Explore Computer Science Education research areas at Duke Computer Science.
CS1/CS2 Learning, Pedagogy, and Curricula
The first two courses taken by students in higher education are called CS1 and CS2 from early curricular standards. How should these courses be structured and delivered so that every student is engaged, able to succeed, and prepared for future study? At Duke, we work to understand how learning occurs, how to effectively teach and engage all students in medium to large classes, and how to develop curricular resources that can succeed at many different institutions.
Broadening Participation in Computing
In the past decade, there has been a widespread interest in ensuring that access to computer science for all is accessible and equitable from K-12 through higher education: equitable across race, gender, and socio-economic for all students. At Duke, we have worked extensively to develop tools, courses, and approaches at a national level from middle school through high school that have had significant success and impact. We use similar approaches to ensure equitable courses and class experiences in Duke Computer Science courses.

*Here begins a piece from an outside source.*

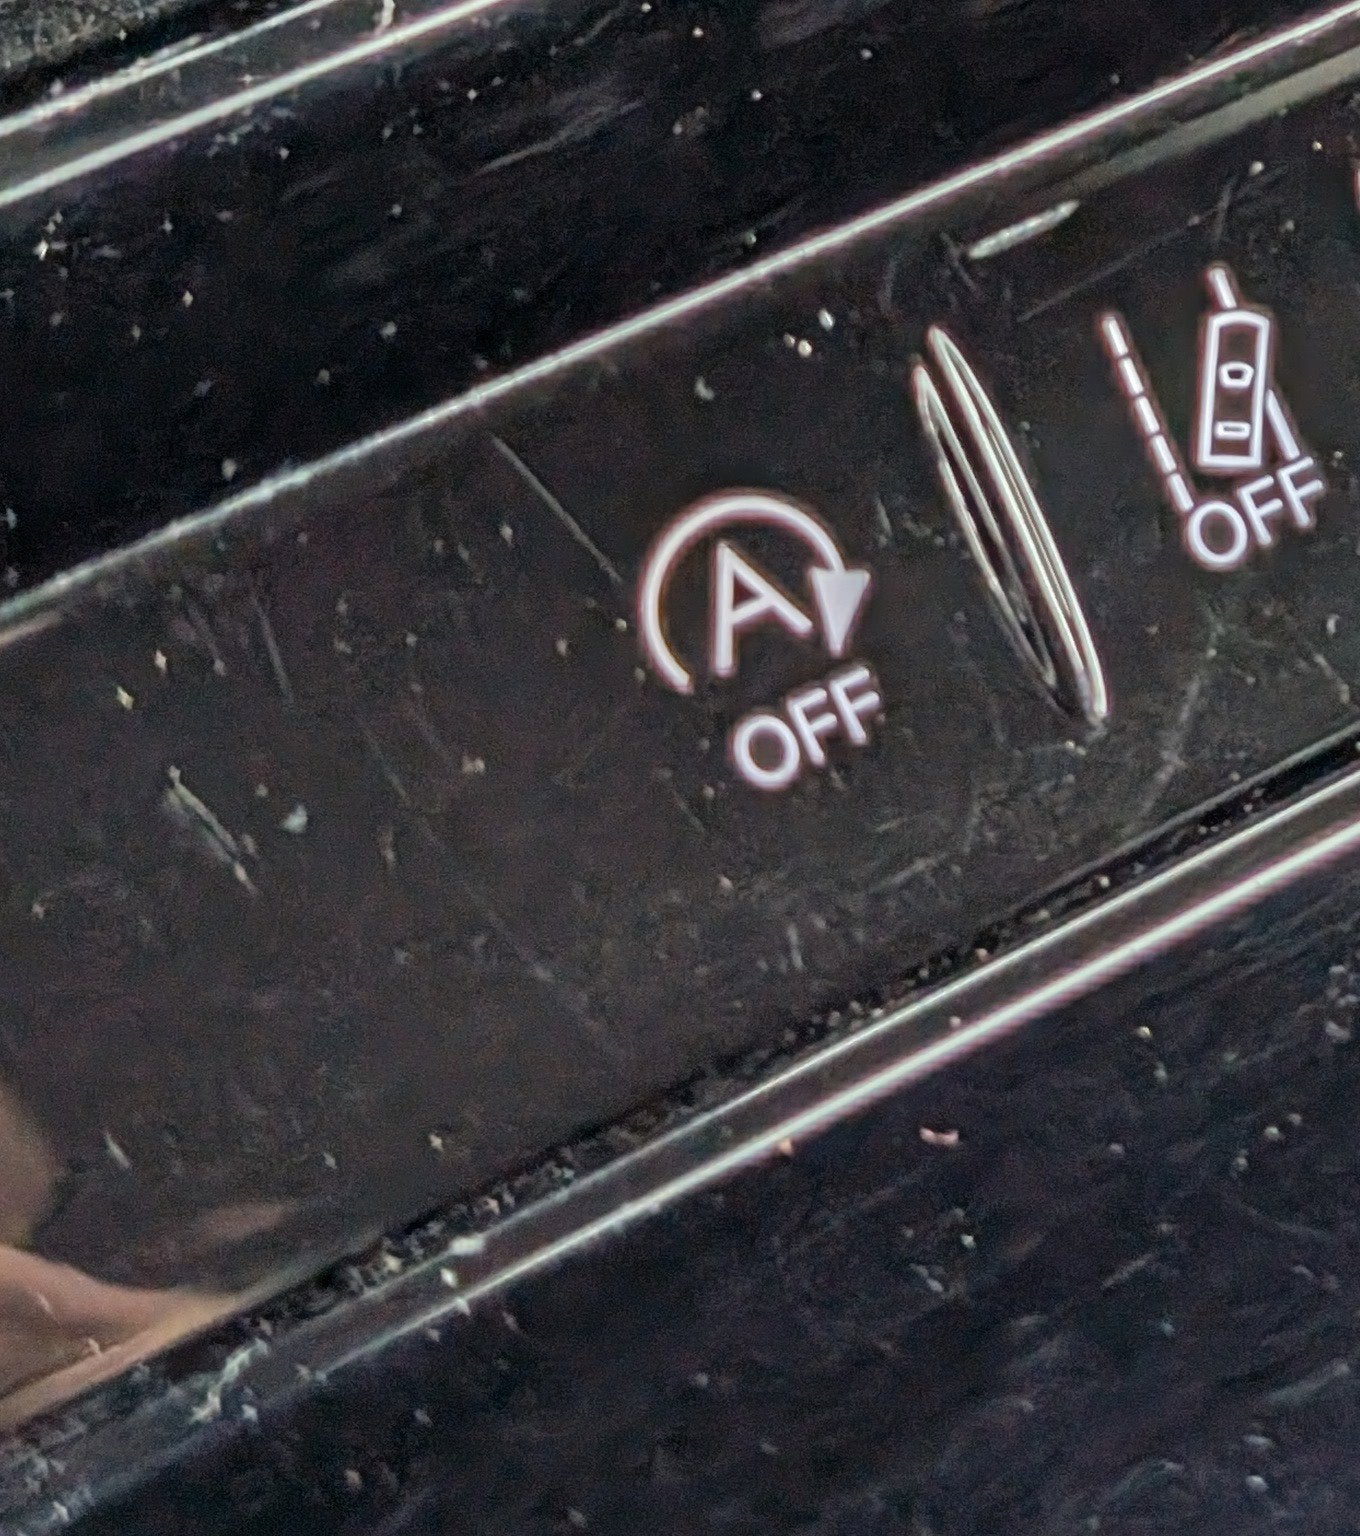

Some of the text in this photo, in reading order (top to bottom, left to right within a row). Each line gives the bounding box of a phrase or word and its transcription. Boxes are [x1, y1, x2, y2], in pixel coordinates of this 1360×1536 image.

Practical and Ethical Approaches to Software and Computing
Software development and engineering practices in industry do not always scale down to be accessible and successful in an academic setting. At Duke, we develop assignments and approaches that leverage the experiences of alumni to help ensure that those graduates who continue in software can succeed immediately when they leave Duke. These approaches are based on design considerations that include efficiency, user experience, portability, scale, and ethics.
Education Technology
Software tools can aid in learning computer science concepts by offering different ways to make the abstract more concrete and providing immediate feedback to improve learning outcomes. At Duke, we develop software tools at all levels of the curriculum that are integrated into the classroom experience. JFLAP allows students to visualize and experiment with theoretical concepts including proofs, automata, grammars, parsing, and L-systems. APTs are small algorithmic problem-solving exercises, with included test cases, that allow students to practice coding with immediate feedback about the correctness of their solution. Checklist combines analyses from a variety of open source static analysis tools to provide immediate feedback on software design, showing students what things are being done well and what things can be improved.